==== Records supplied ====
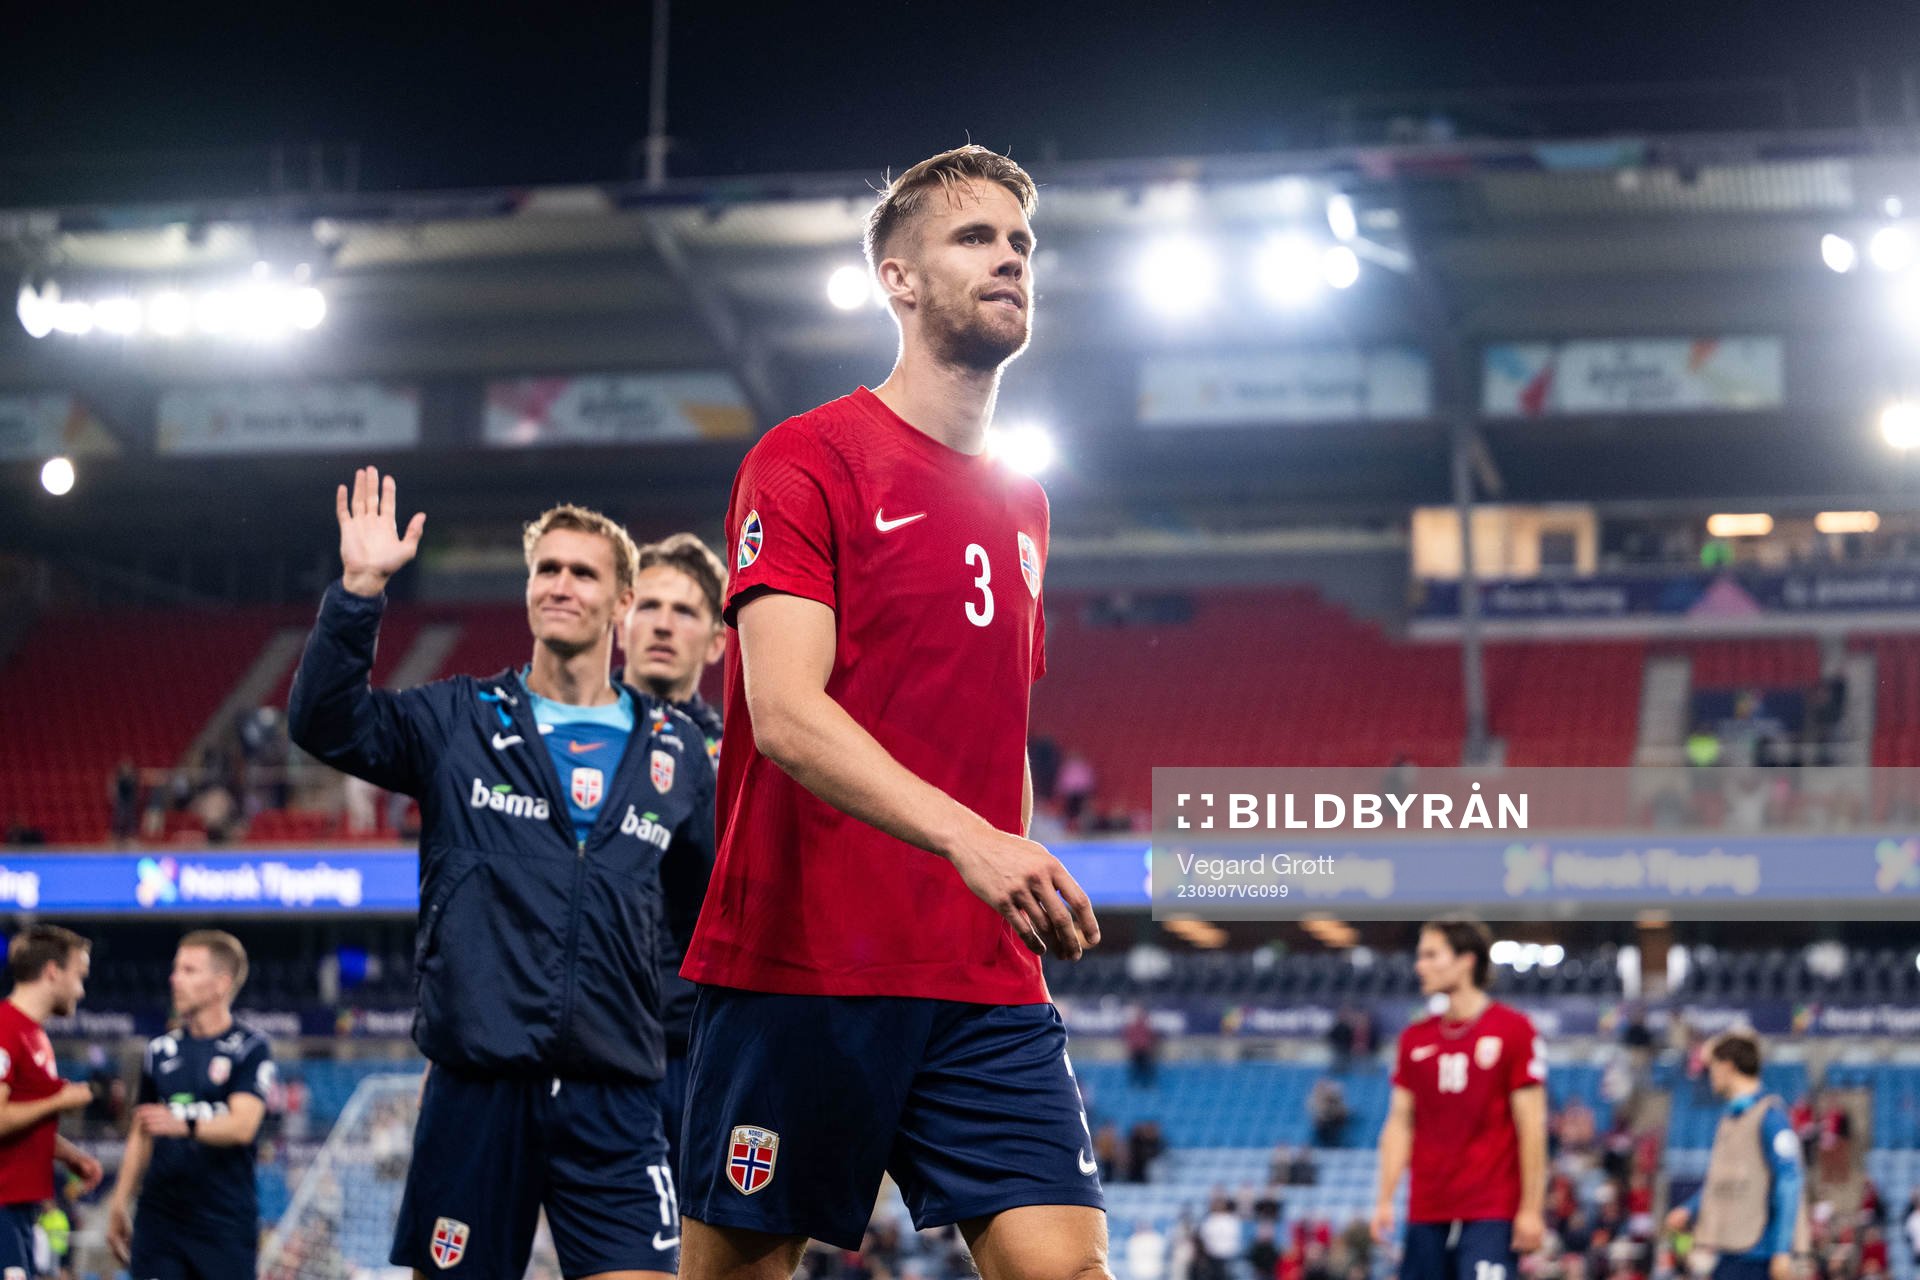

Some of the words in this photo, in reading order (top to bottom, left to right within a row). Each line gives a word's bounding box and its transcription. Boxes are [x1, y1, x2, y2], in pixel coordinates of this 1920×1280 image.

[964, 543, 995, 628] 3
[471, 778, 550, 820] bama
[646, 1165, 680, 1227] 11
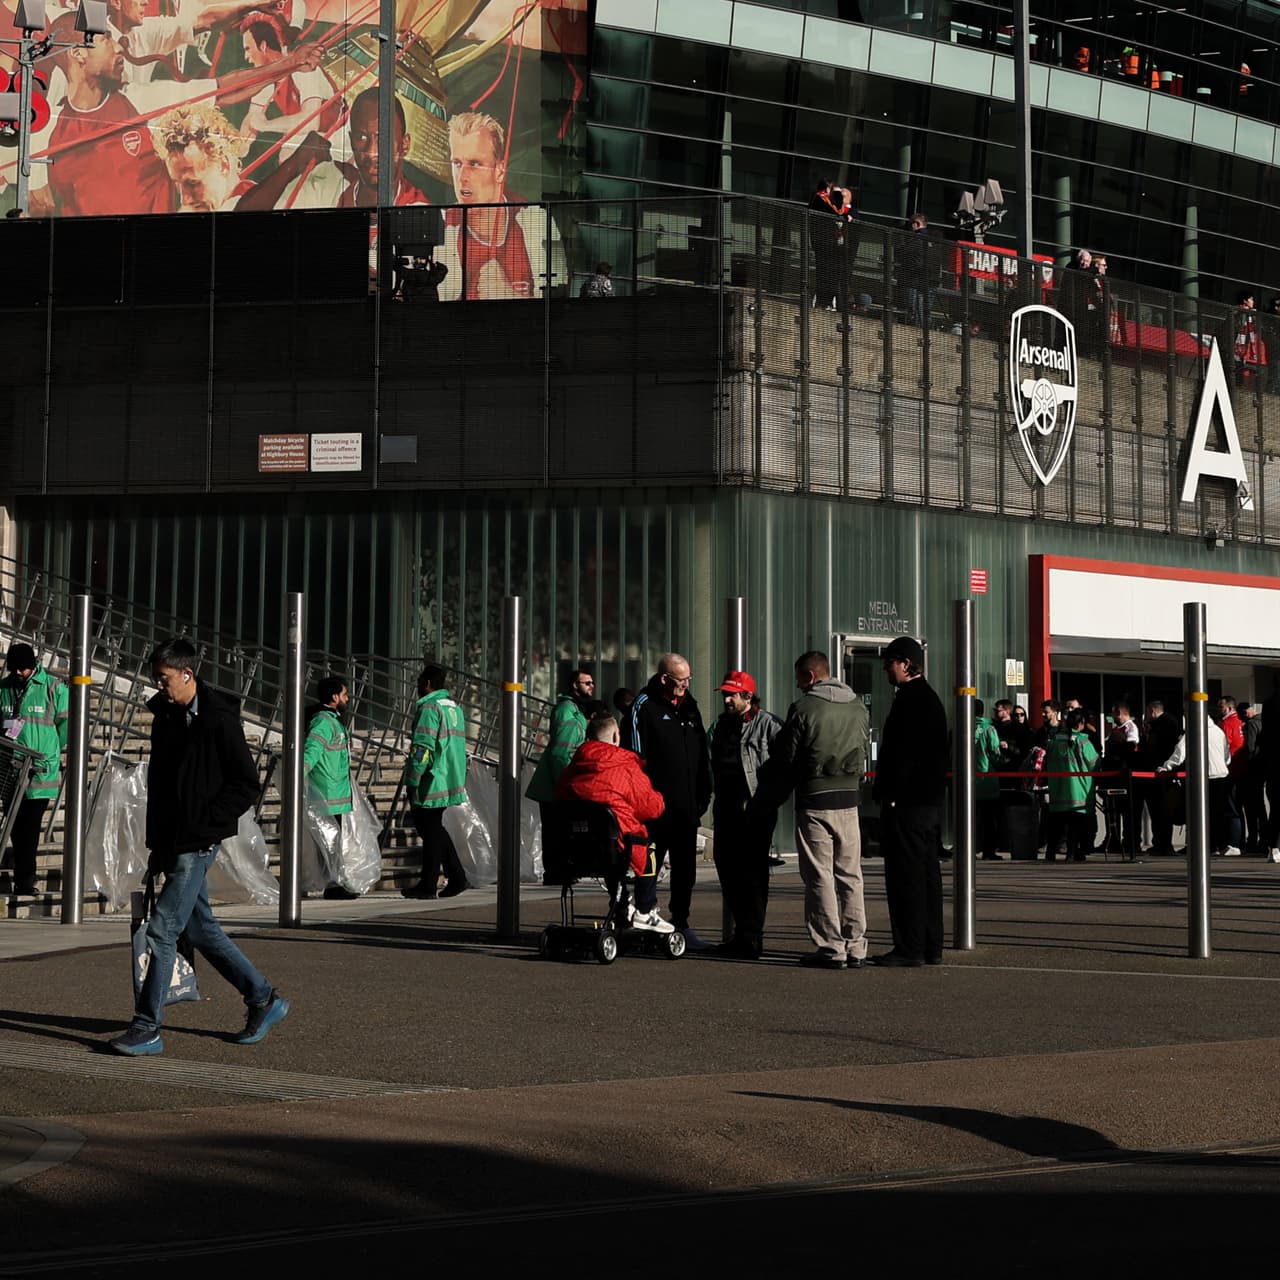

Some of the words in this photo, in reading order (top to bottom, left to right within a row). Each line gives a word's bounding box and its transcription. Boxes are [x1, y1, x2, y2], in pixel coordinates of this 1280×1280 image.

[1019, 337, 1069, 371] Arsenal
[868, 601, 898, 617] MEDIA
[858, 616, 910, 633] ENTRANCE
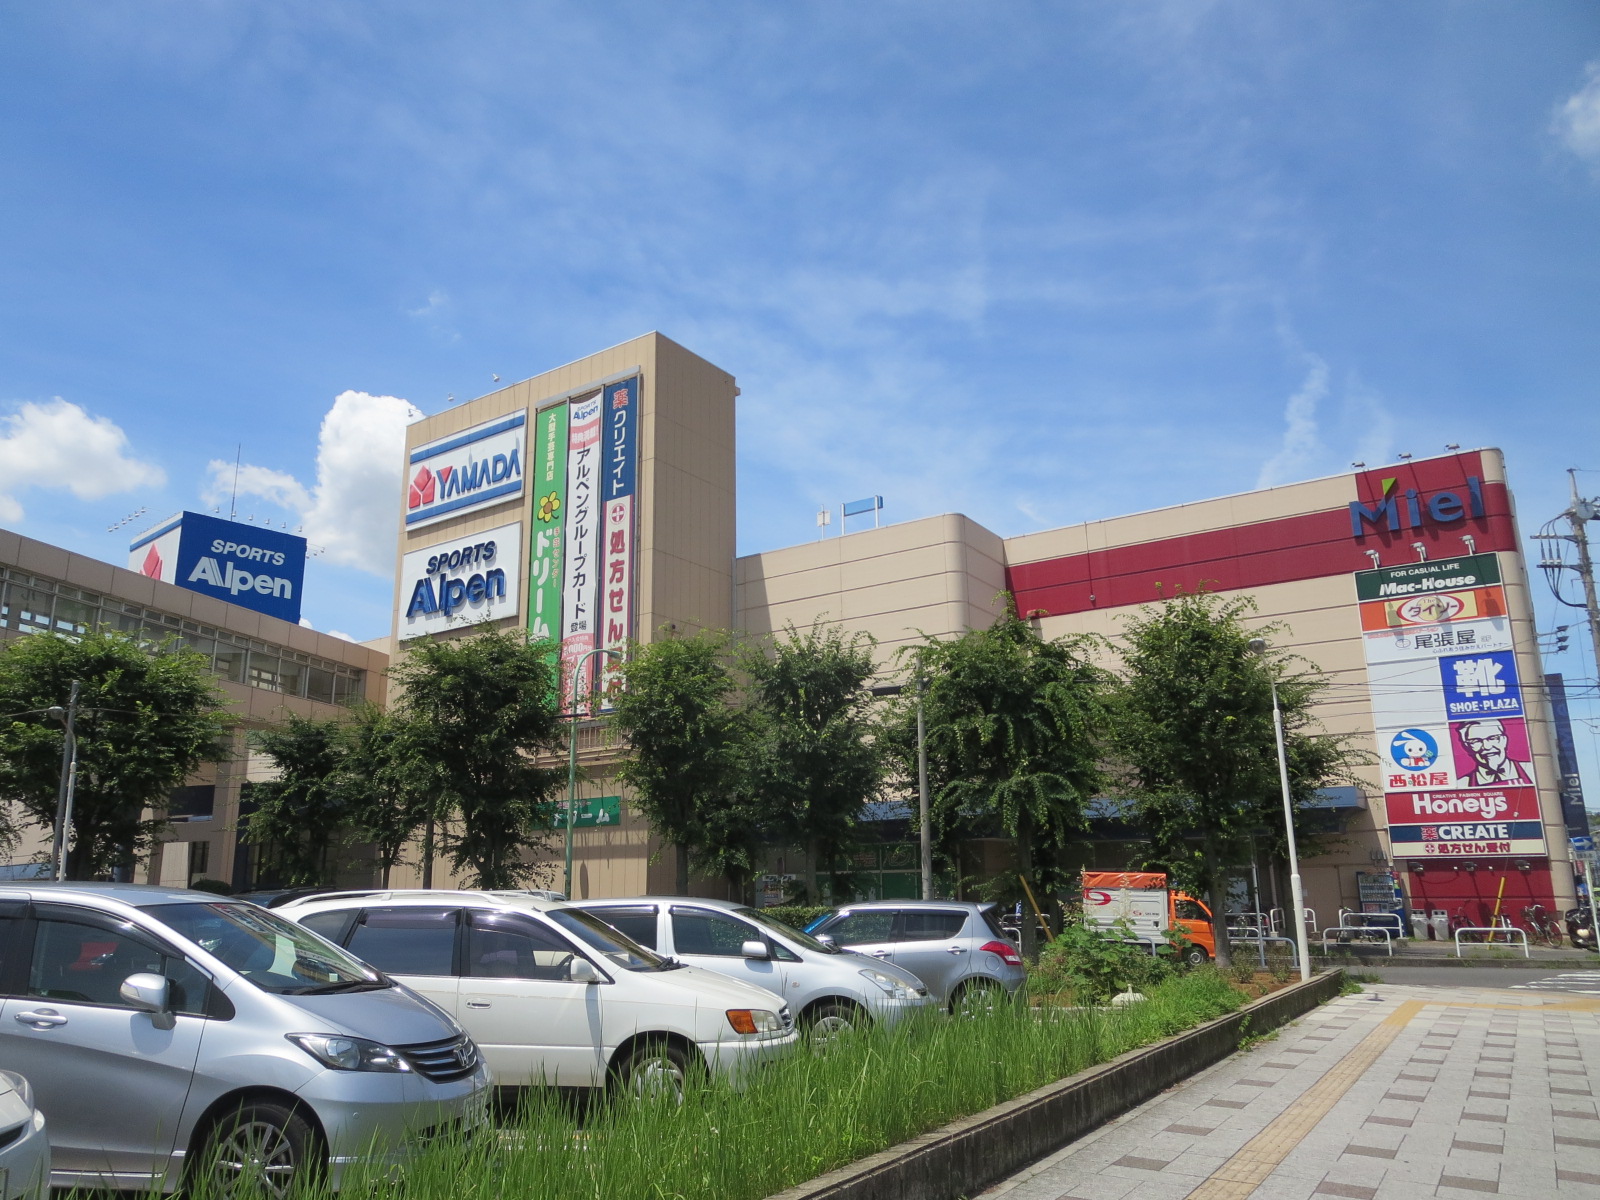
====
◆ What you have to do:
Leave out the pictures and copy exactly the lines from the one with "this 1280×1280 image." through the last line of the records above.

◆ Output of the task:
Some of the words in this photo, in reading order (top to bottom, left to right within a row). Each line gives a word's bounding box and its transcription. Boxes are [x1, y1, x2, y2], in pixel coordinates of this 1280×1280 image.

[1019, 337, 1069, 371] Arsenal
[868, 601, 898, 617] MEDIA
[858, 616, 910, 633] ENTRANCE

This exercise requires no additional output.